Tio Zopilote smiled to himself. “Tio Conejo, if you are truly hungry, I know just the place for you. Up in heaven are the best feasts. Yes, my old friend, if you want the best food in the world, it’s up here above the clouds you want to be.”
“I have never been to those feasts,” Tio Conejo said dejectedly. “I can’t fly, so I have no way of getting there.”
“Well, I’ll tell you what,” Tio Zopilote said, though he could barely contain his laughter. “There’s a great feast happening up there right now, and if you’ll bring along your guitar and play for me, I’ll fly you there. I’m sure my friends in heaven would love to hear you’re fine music.”

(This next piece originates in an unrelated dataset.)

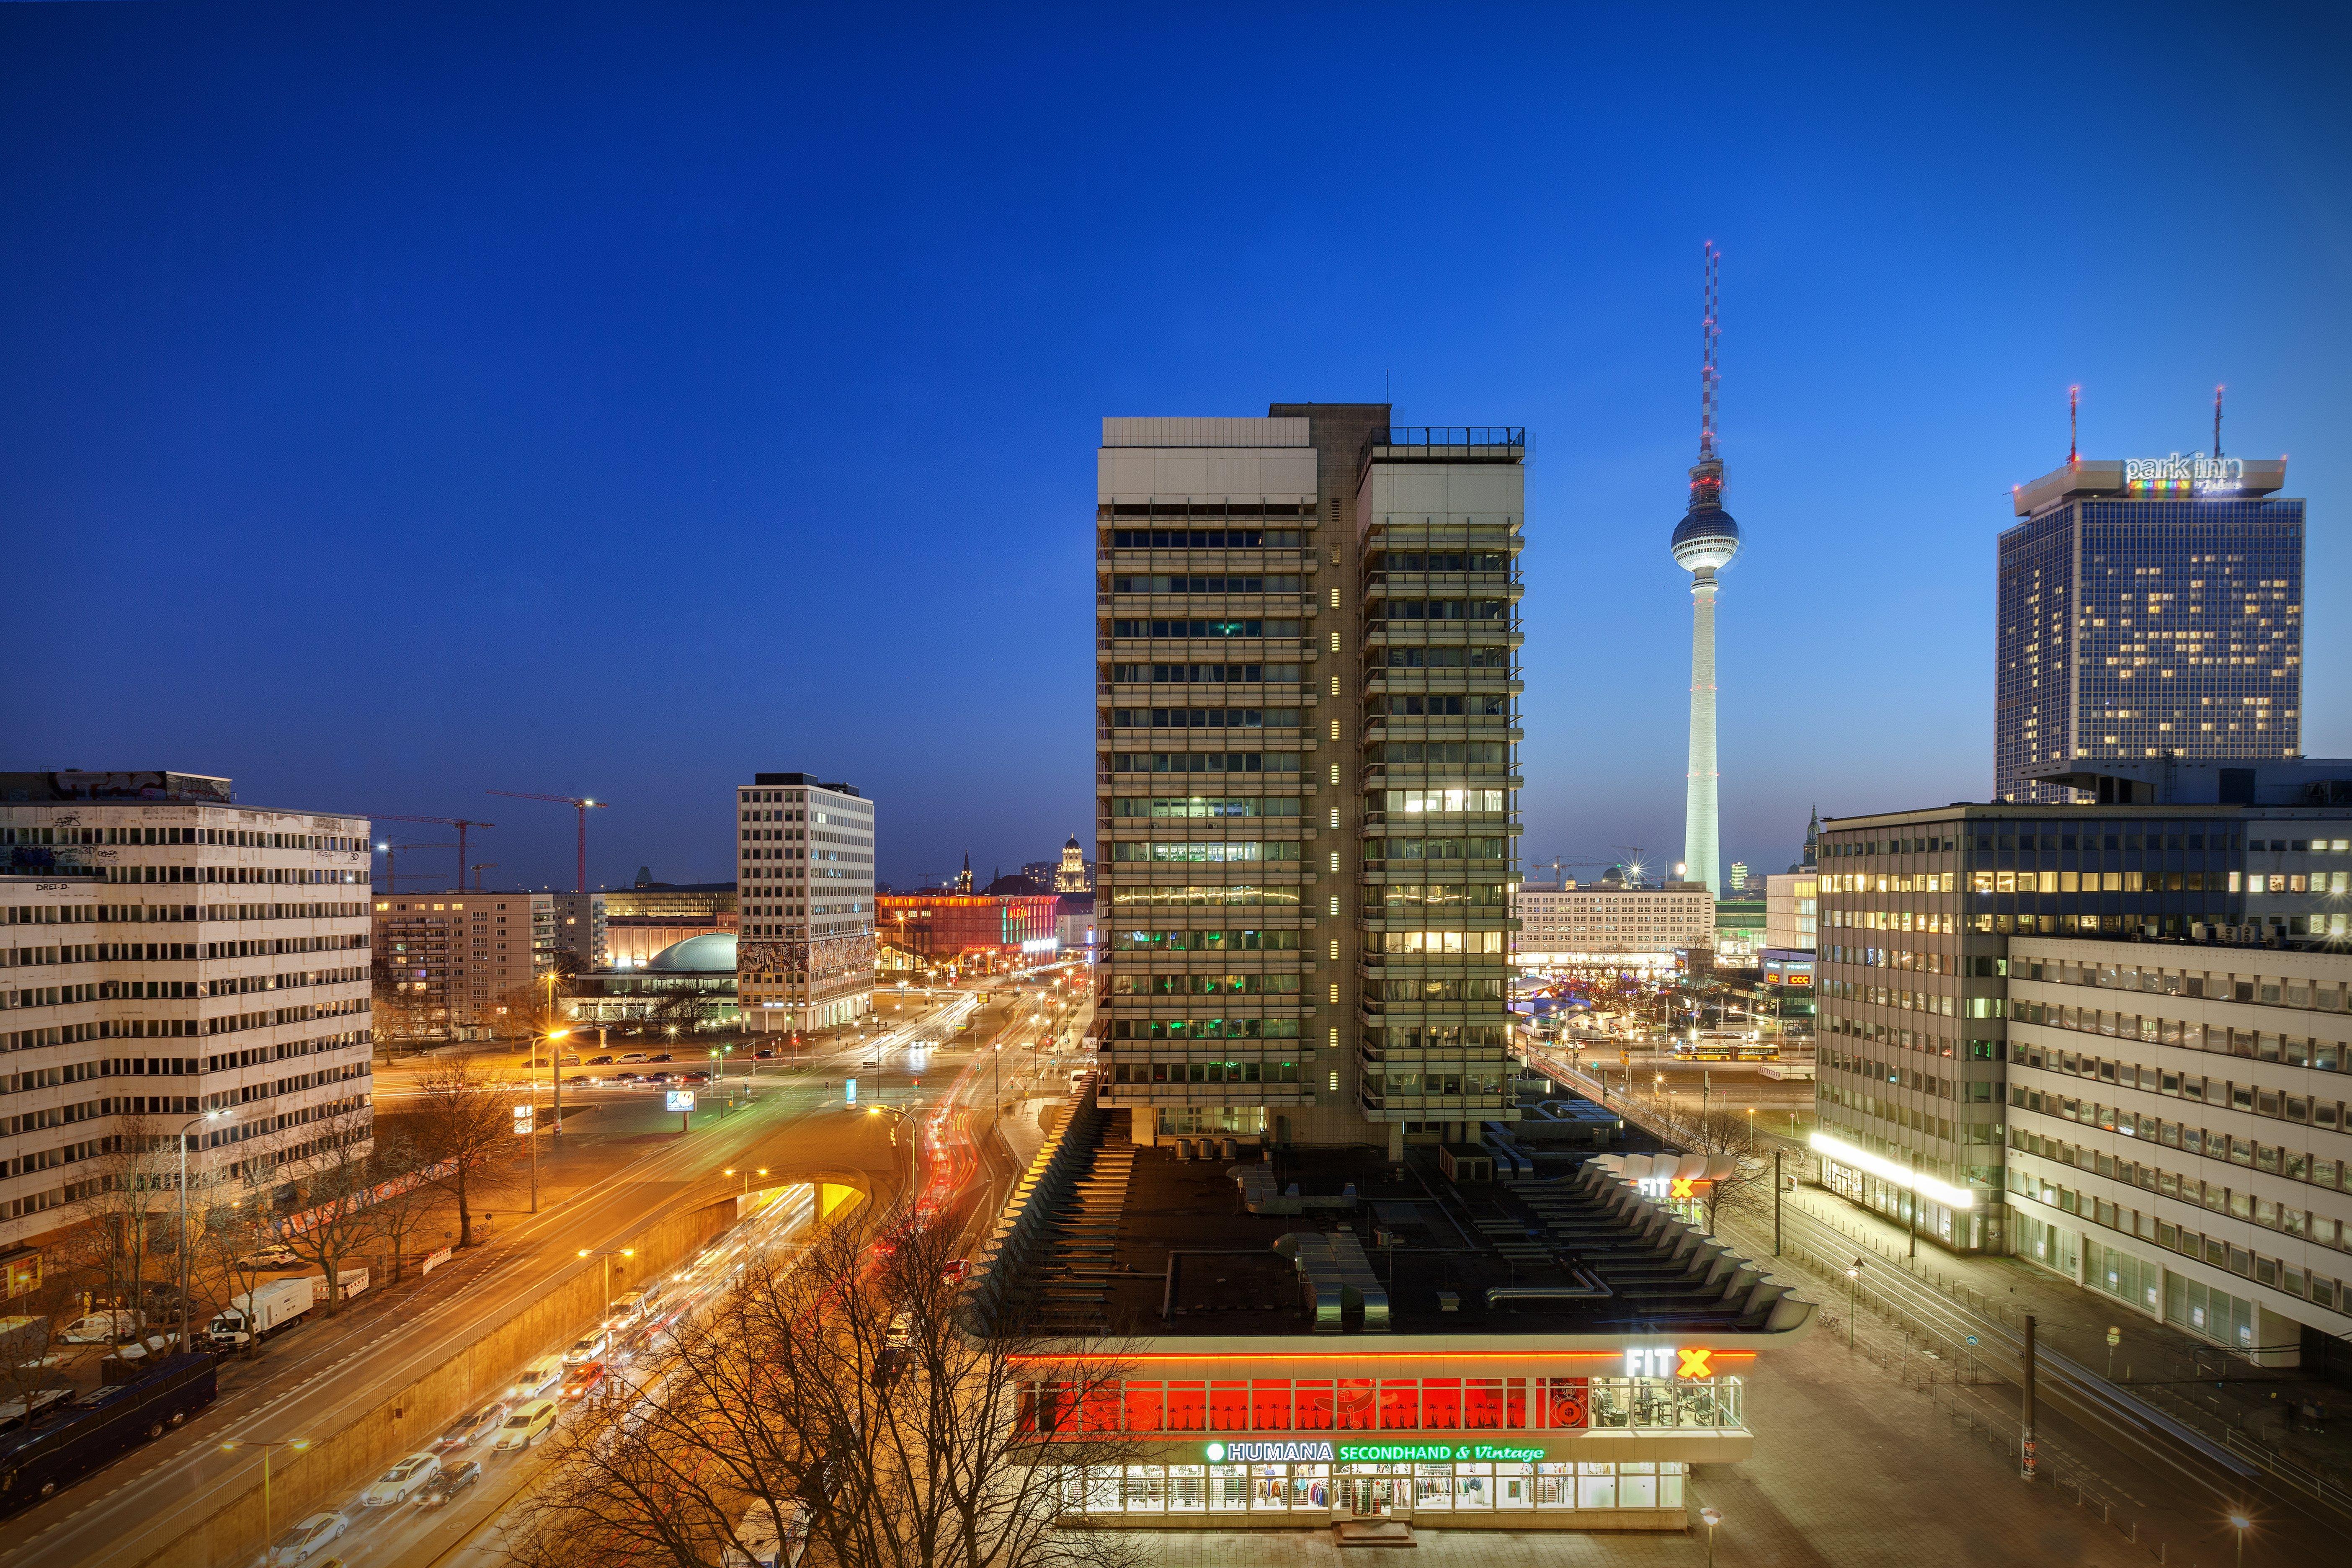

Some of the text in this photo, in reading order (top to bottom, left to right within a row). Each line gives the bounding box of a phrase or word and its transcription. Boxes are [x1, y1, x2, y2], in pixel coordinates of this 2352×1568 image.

“Hold on and I’ll get my guitar,” Tio Conejo said and hopped back to his warren as fast as he could. He returned even faster, bringing with him his guitar.
“Now climb on my back. Hold onto me beneath my wings,” Tio Zopilote told Tio Conejo.

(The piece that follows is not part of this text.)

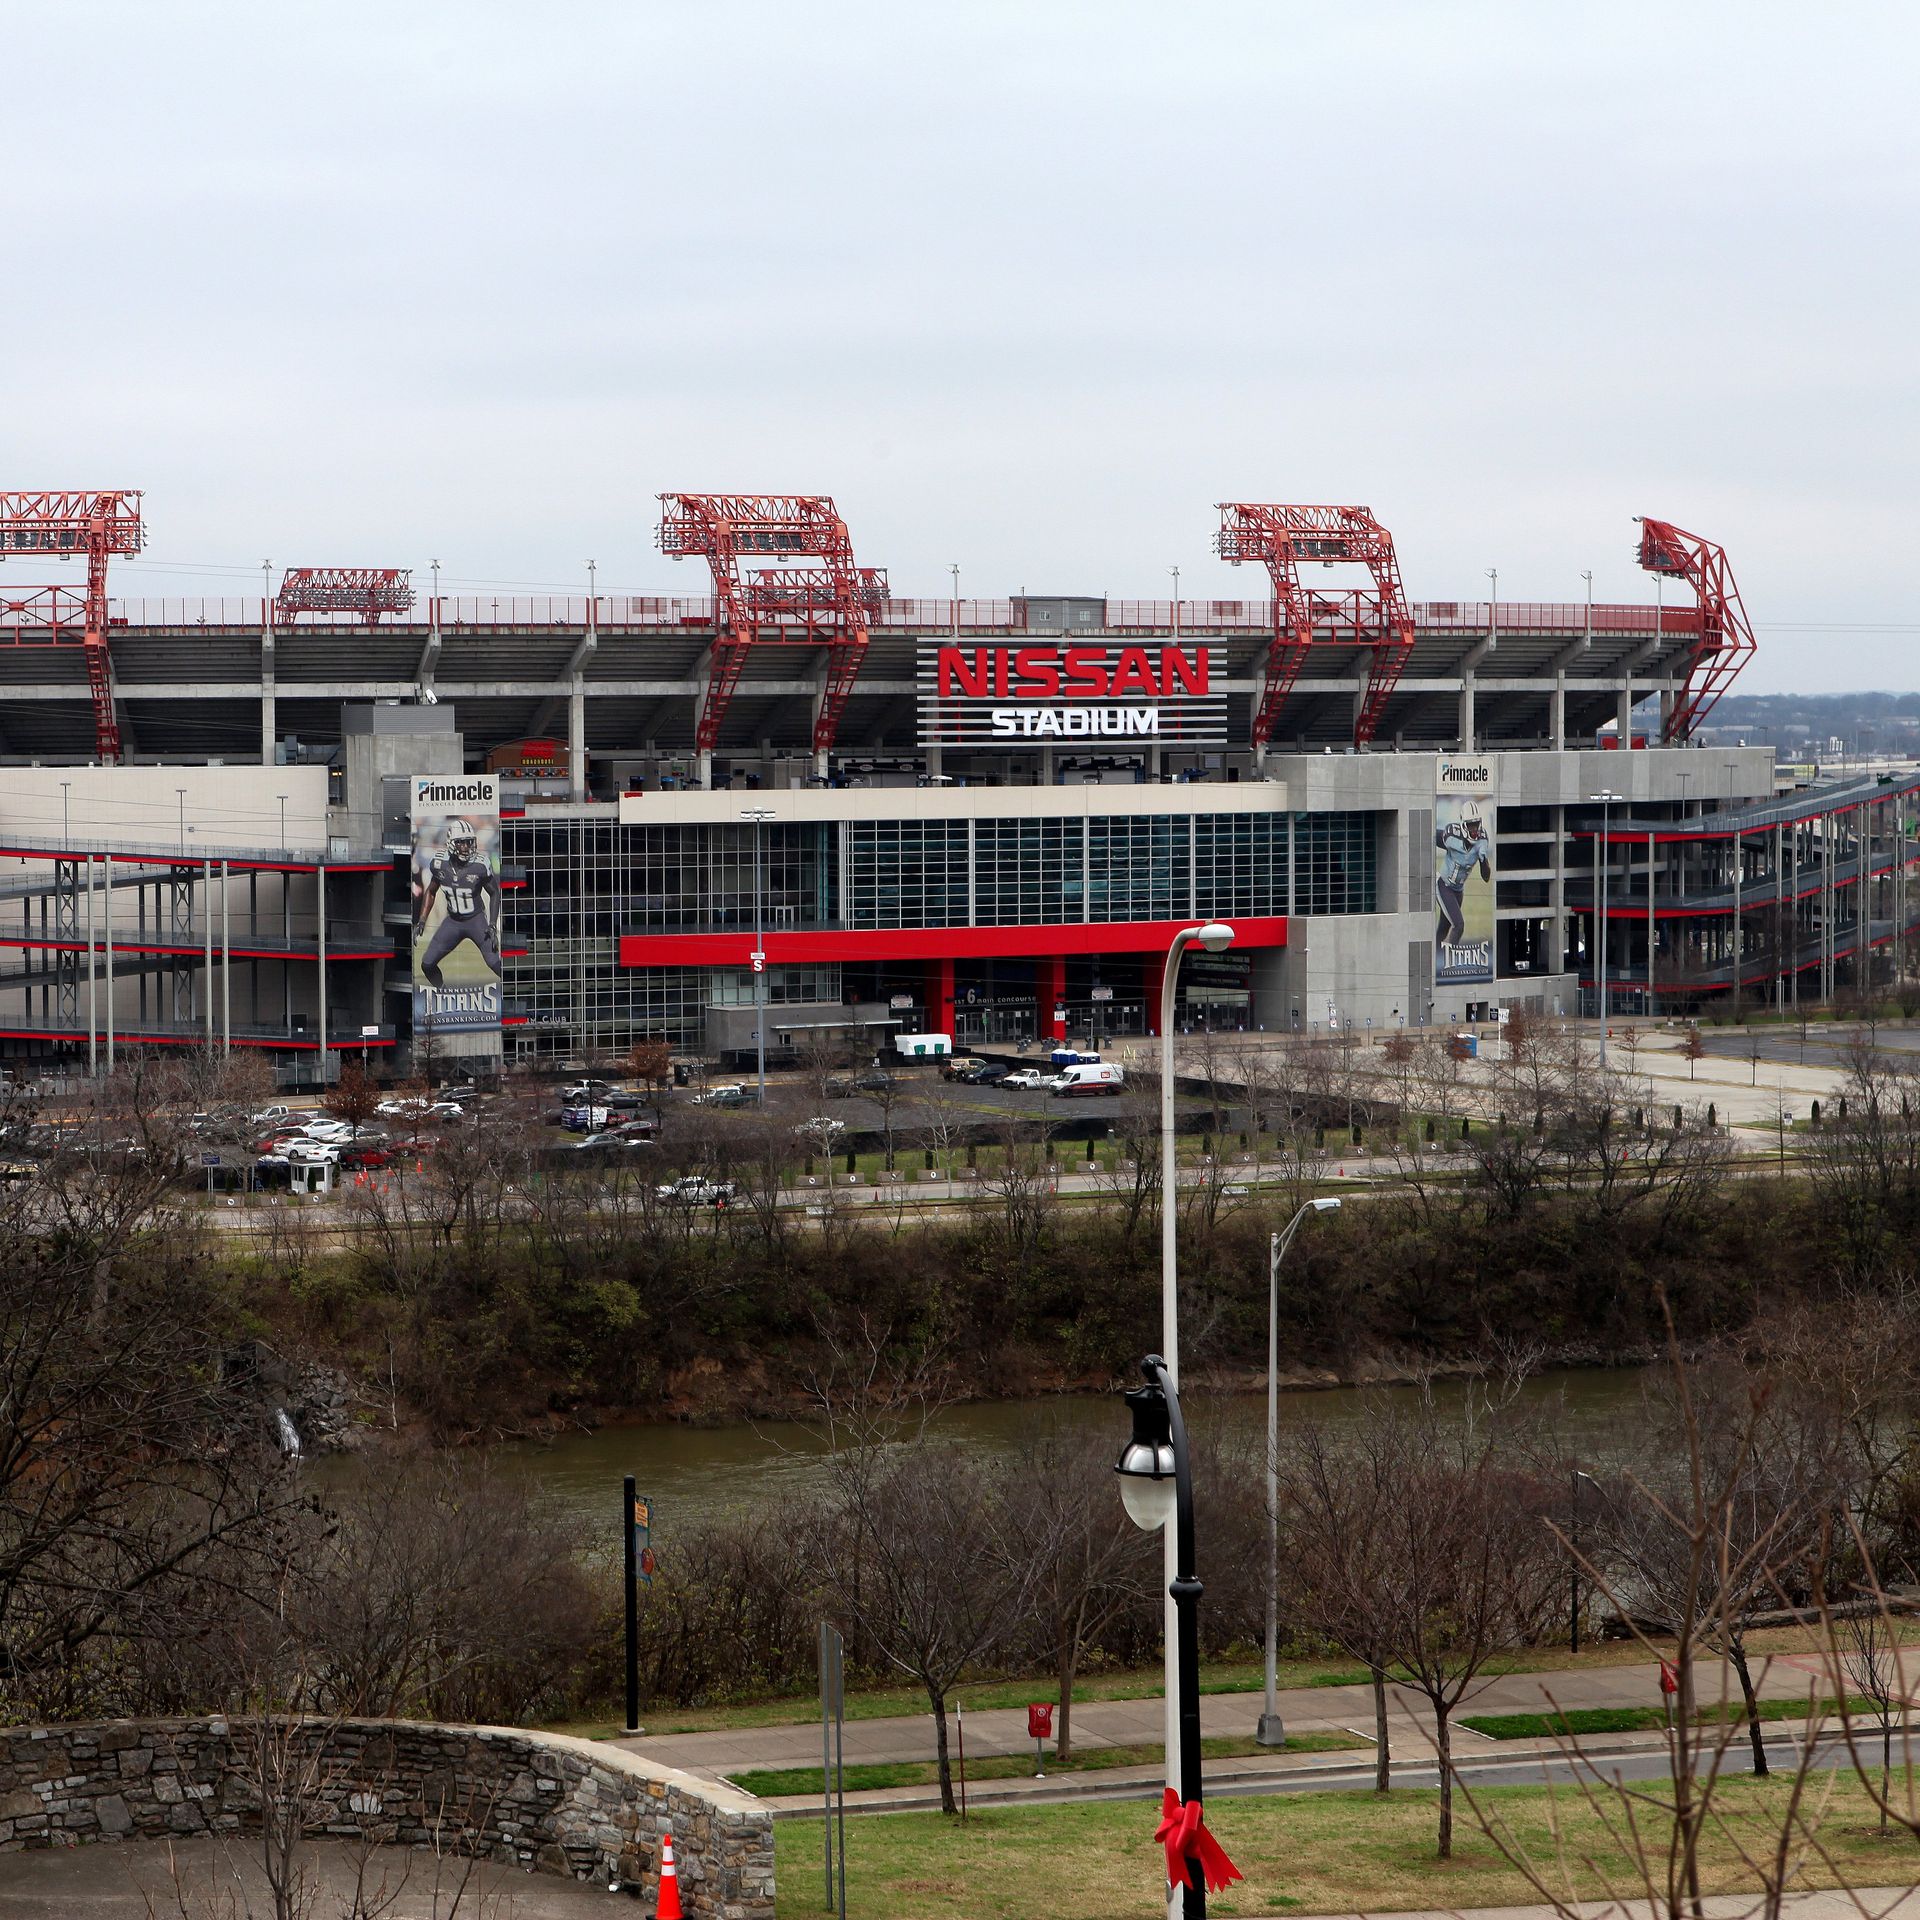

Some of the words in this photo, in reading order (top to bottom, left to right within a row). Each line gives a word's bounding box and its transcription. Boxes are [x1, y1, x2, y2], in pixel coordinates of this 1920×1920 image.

Tio Conejo strapped his guitar around his neck, climbed on Tio Zopilote’s back and held on tightly. Tio Zopilote flew into the sky. Up and up he flew, higher and higher. And all the time he was flying through that wintry sky, he was planning his revenge on Tio Conejo.
“Wait until you see the size of the fruit in heaven,” Tio Zopilote said and chuckled to himself. Oh, how sweet it will be, he thought, to fool Tio Conejo just the way he fools everyone else.
Down below, they could see the beautiful world spread out beneath them. The trees seemed only tiny specks. The other creatures looked like ants. The fruit wasn’t visible at all, and soon Tio Conejo’s mouth began to water as he thought of the huge fruit in heaven.
“Why don’t you play a song for me?” Tio Zopilote coaxed. “The trip will go faster that way.”
“Well, not now,” Tio Conejo said. “I’d prefer to hold onto your back.”
“Oh, I’ll fly carefully,” Tio Zopilote said, and so Tio Conejo reached for his guitar. Settling himself carefully on Tio Zopilote’s back, he began strumming a tune.
Tio Zopilote smiled wickedly and suddenly began to fly in tight circles. Then he flew in a zigzag. He turned upside down and circled again. He flew as fast as he could. He did everything possible to make Tio Conejo fall off.
“Stop your crazy flying,” Tio Conejo cried. “I’m dizzy and I’m going to fall,” but he let go of his guitar, and it swung wildly around his neck. He held onto Tio Zopilote’s neck as tightly as he could.
“I always fly this way when I’m near heaven,” Tio Zopilote said. “It’s the winds, you see. The winds of heaven are very different from the winds of the earth.”
“Ohhh,” Tio Conejo moaned. His stomach churned and his head began to spin. “Stop, Tio Zopilote. I’m dying …”
“We’re near heaven,” said Tio Zopilote as he swooped and twisted and whirled some more.
“Go back to earth,” shouted Tio Conejo, but Tio Zopilote spun again.
Tio Conejo grabbed his guitar and banged it on Tio Zopilote’s head. Tio Zopilote’s head went right inside the guitar, and he couldn’t see a thing. He began to spin and twirl, but now he was falling back toward earth.
Tio Conejo held Tio Zopilote’s wings out so they floated gently to the ground below.
When they landed on the soft earth, Tio Conejo jumped off Tio Zopilote’s back. “Take the guitar off my head!” Tio Zopilote cried.
“Ask your friends in heaven to take it off,” Tio Conejo laughed. And he skipped away.
Tio Zopilote pulled at that guitar. He twisted and turned. He stood on his head. But he could not shake that guitar loose.
At last, he slunk home. His wife laughed at him, but she pulled his head out of the guitar. With it came most of his feathers. Tio Zopilote’s neck was stripped bare.
Those feathers never grew back, and Tio Zopilote’s children never had feathers on their necks, either. And that’s the way it’s been with buzzards ever since.
As for Tio Conejo? Well, he’s still playing tricks, but the other creatures understand. After all, Tio Conejo is a trickster. And they never try to take revenge on him.